Intervista impossibile a Giuseppe Tomasi di Lampedusa

Se potessimo ancora parlare con il buon vecchio Principe, cosa gli chiederemmo? Fra il 1974 e il 1975 Radio Rai mandò in onda il programma radiofonico “Le interviste impossibili”: un intervistatore fingeva di dialogare con un uomo del passato, che da un immaginario Aldilà forniva risposte al confine fra il reale e l’esilarante, ma tutte profondamente vere. Ecco, sulla scia di questi Dialoghi, ho risvegliato il nostro amato Principe. E queste sono le parole che ci siamo detti.

 

V. Salve …eeehm Principe, Duca, Barone, ecco, non so come chiamarla.
G. Salve a lei signorina.
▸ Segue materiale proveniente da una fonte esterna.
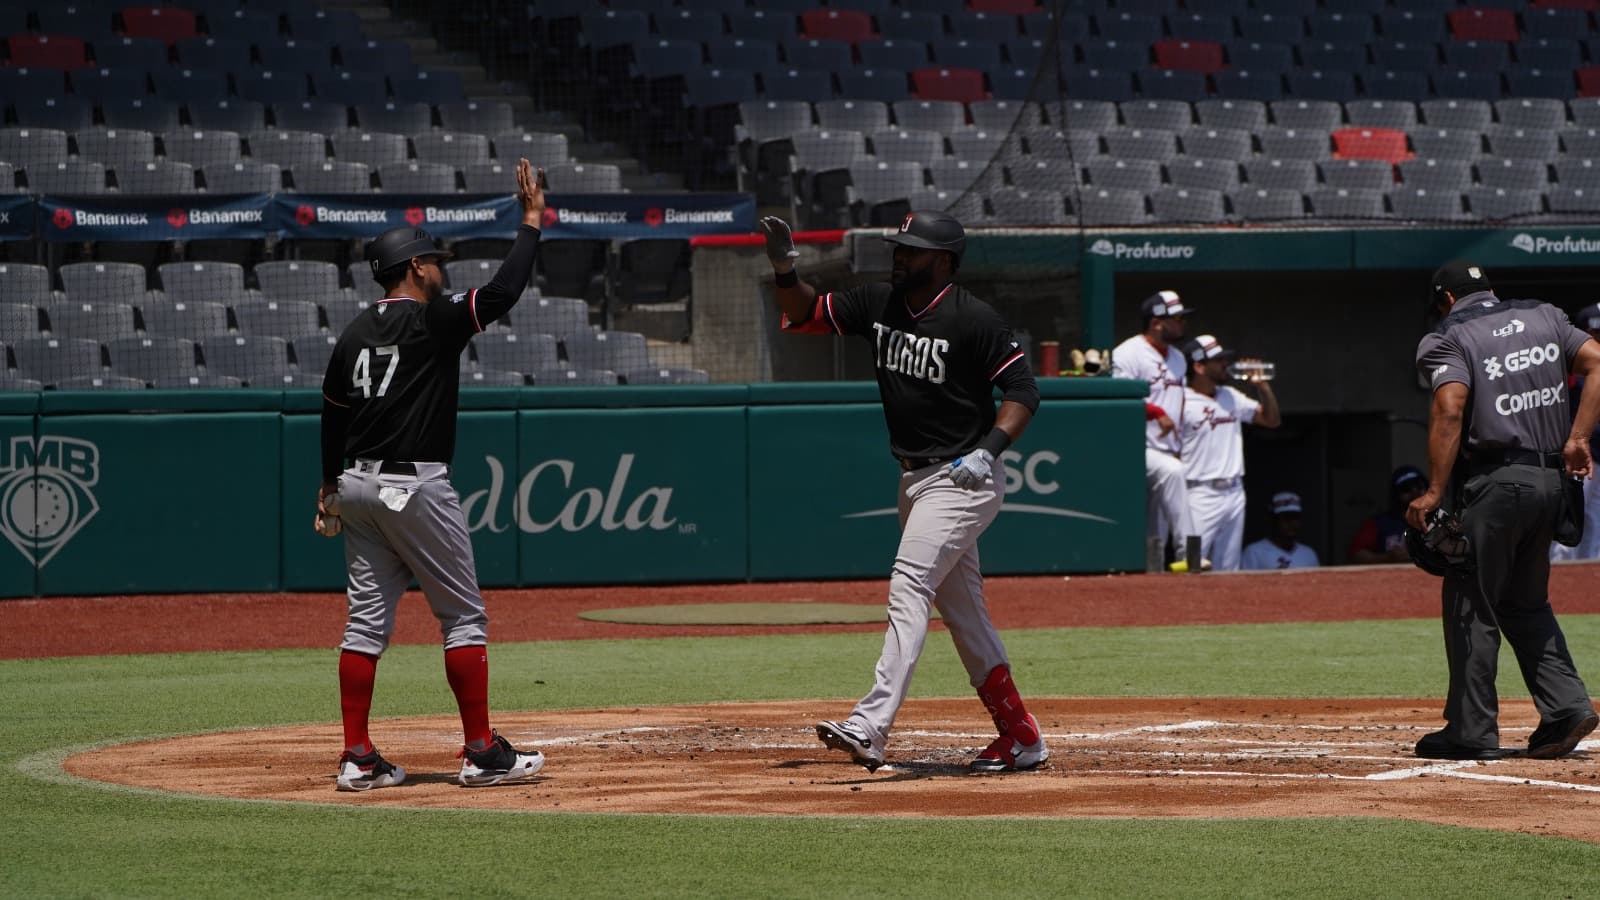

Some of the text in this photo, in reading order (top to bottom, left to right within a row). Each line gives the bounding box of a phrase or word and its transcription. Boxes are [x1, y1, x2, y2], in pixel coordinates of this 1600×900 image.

Mah, mi chiami solo Giuseppe. Sa, da questa parte non conta più nessun titolo. Ma mi dica: cosa la porta a varcare il tempo per venire qui a parlare con un vecchio nobile decaduto?
V. Ecco, vorrei parlare con lei del Gattopardo.
G. (Sorride a mezza bocca, fra il divertito e l’amareggiato) Già, che domanda scontata le ho fatto! È l’unica cosa che ho scritto.
V. (Sgrano gli occhi per lo stupore) Primo best seller italiano e oggi tradotto in decine e decine di lingue. Direi che non le è andata poi così male! Ha realizzato il suo sogno, no? (Sorrido) Manzoni lavorò vent’anni ai suoi Promessi sposi, ma se oggi non fosse supportato da decine di pagine sui manuali scolastici e da fior fior di antologie temo che la sua opera verrebbe dimenticata. Lei scrive il suo romanzo in appena due anni, si dilegua prima che venga pubblicato, i manuali le dedicano appena due colonne, eppure riscuote successo.
G. Non esageri, signorina. Manzoni è Manzoni. E poi erano altri tempi…
V. Già. Se Leopardi avesse scritto oggi la sua Ginestra su Facebook, avrebbe ottenuto appena un migliaio di like fra Torre del Greco e Recanati, e il giorno dopo non se ne sarebbe più parlato. Stendiamo un velo pietoso. Mi diceva che i titoli nobiliari nell’Aldilà non hanno più alcun valore, è interessante…
G. Altroché! Non sa che gran sollievo. Tutto il Gattopardo è intriso di quel melenso, struggente, ineluttabile senso della fine. Al tramonto della mia vita scrivevo quelle pagine come uno sventurato che sta per scivolare giù da un precipizio, le parole erano graffi sulla roccia, lasciati dagli artigli di quel Gattopardo. Maestoso. Nobile. Ma destinato a soccombere…
(Si incupisce. Le zampate, gliele vedo ora sulla fronte, fra le sopracciglia aggrottate.)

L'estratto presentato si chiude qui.